Local government leaders across the country are fearing defections, after the first councillors quit their parties to join the Independent Group.
Five days ago, Warren Morgan, the Labour councillor and former leader of Brighton & Hove City Council, resigned from the party and became the first known councillor to declare his support for the new Independent Group of MPs. He expressed his support for the group, citing “Brexit, antisemitism and the toxic culture of aggression and bullying within the party and the broader Corbyn-supporting base” as the reasons for his departure.
Since then, he has created his own independent group on the council with fellow councillor Michael Inkpin-Leissner, who left the Labour party two years ago.
A flurry of further resignations from the Labour party followed, including Bexley councillor Danny Hackett, Barnet councillor Jessica Brayne, Stafford Borough councillor Rowan Draper, and Derby City councillor Dom Anderson, as reported in the Mirror. And ten Labour councillors wrote a joint letter to the Sunday Times at the weekend welcoming the new Independent Group.
Today, councillor Paul Wilson resigned from the Labour party during a meeting of Salford City Council, calling the leadership “fake socialists” and accusing the local constituency party of “brushing anti-Semitism under the carpet”:
“There are those within Salford Labour Party who will, and have said, I’m doing this because I’m a Blairite, or a red Tory. These same people are the ones who voted to sell off the council houses and cut disabled transport whilst I voted against these right-wing policies… I say to these fake socialists it’s time they look at themselves in the mirror and ask themselves who the real socialist is!”

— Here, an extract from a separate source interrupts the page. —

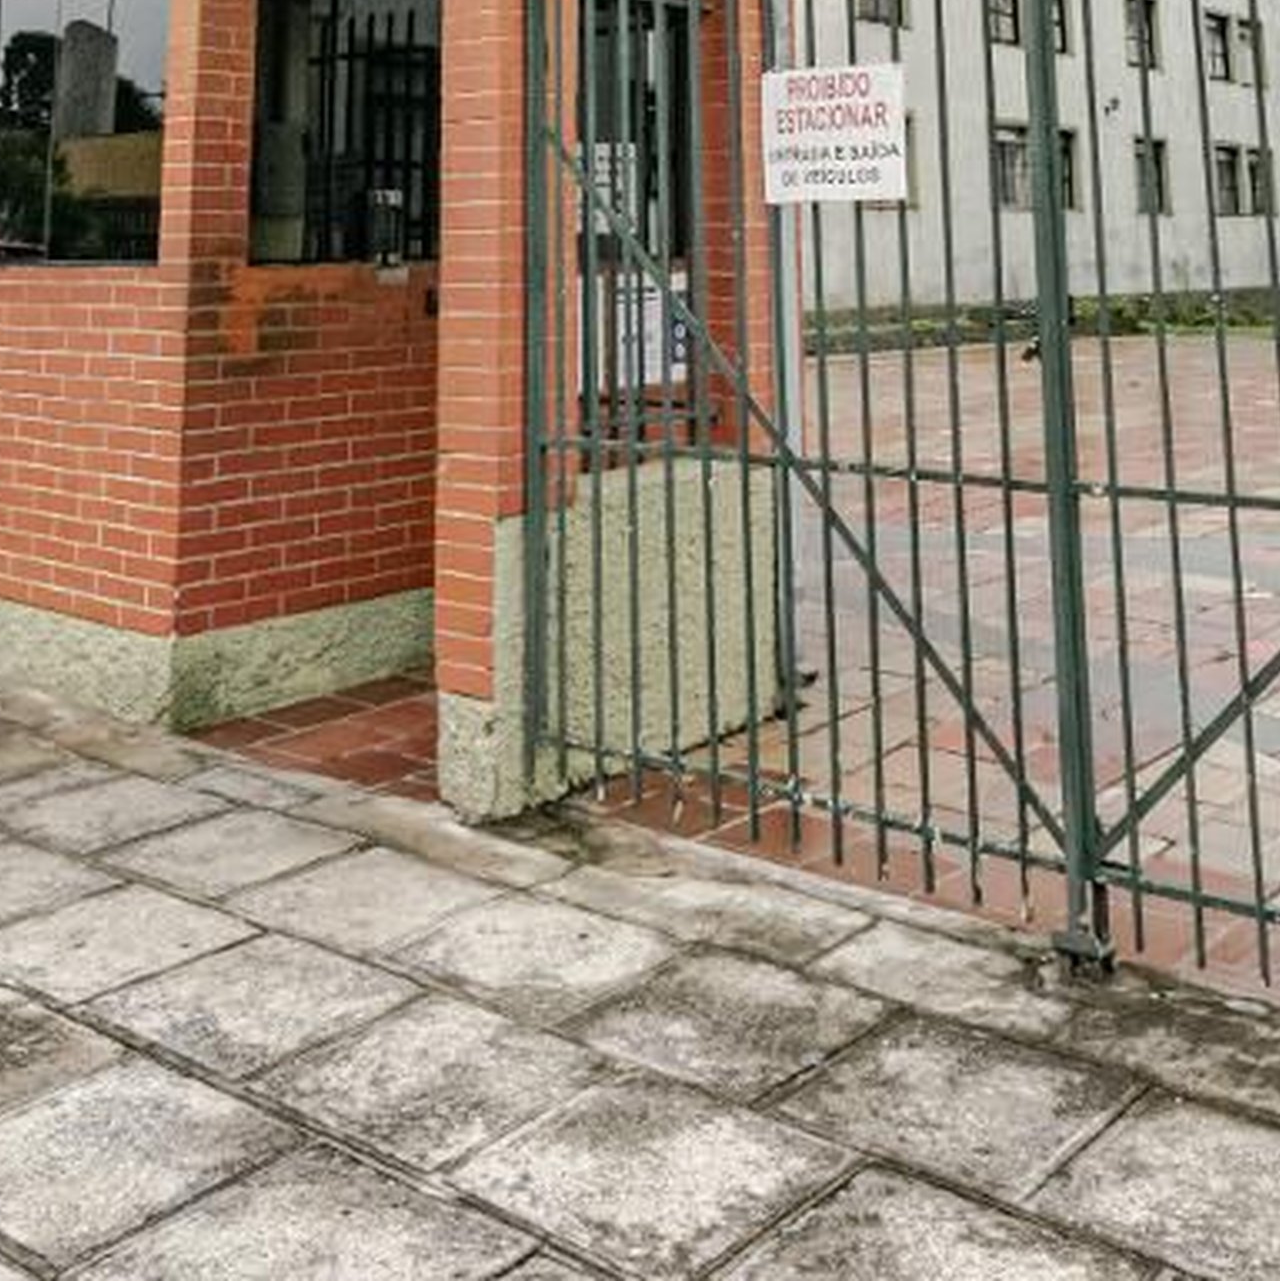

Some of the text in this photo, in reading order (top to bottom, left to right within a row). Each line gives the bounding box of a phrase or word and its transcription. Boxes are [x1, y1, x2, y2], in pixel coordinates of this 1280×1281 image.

[787, 73, 870, 101] PROIBIDO
[776, 103, 888, 134] ESTACIONAR
[835, 144, 846, 160] E

Salford’s mayor Paul Dennett, who campaigned for Corbyn in both leadership elections, cancelled an engagement with the New Statesman this afternoon to deal with the fallout.
Yesterday, Guildford councillor Nils Christiansen left the Conservative party to join the council’s Independent Alliance, which also includes two Tories and one Lib Dem who all resigned last year.
It’s unclear how many councillors have resigned, and which of them support the Independent Group. As it’s not a registered political party, they cannot say yet whether they would stand for the Independent Group come the local elections in May.
Many of the ex-Labour councillors’ reasons reflect those of the MP defectors – anti-Semitism on the left, Jeremy Corbyn’s leadership and Brexit.
And, like their parliamentary counterparts, the threat of deselection affects some councillors across parties. Christiansen, for example, had already been deselected, and “centrist” Labour councillors in Brighton have long feared deselection. With the local elections looming, some councillors have little to lose by quitting their parties.
Council leaders fear further departures. While Manchester Labour has benefitted from a fairly distinct identity from the central party, ever since it opposed the Iraq War in 2003, there are still jitters that at least one Labour councillor has met with an Independent Group MP. In Merseyside, where the Corbynite and Momentum wing of the Labour party has a loud presence in local politics, the temptation to leave is even greater.
Why does this matter? For Corbynsceptics, an exodus of Labour councillors from influential Labour-run councils could mean more instances of “Haringey round two”: the “first Corbyn council” that sprung up from deselections, in what was characterised as a “Momentum coup”. Others say dissident voices in local government could be helpful in influencing the leadership, as the Independent Group’s actions seemed to shape Labour’s Brexit policy this week.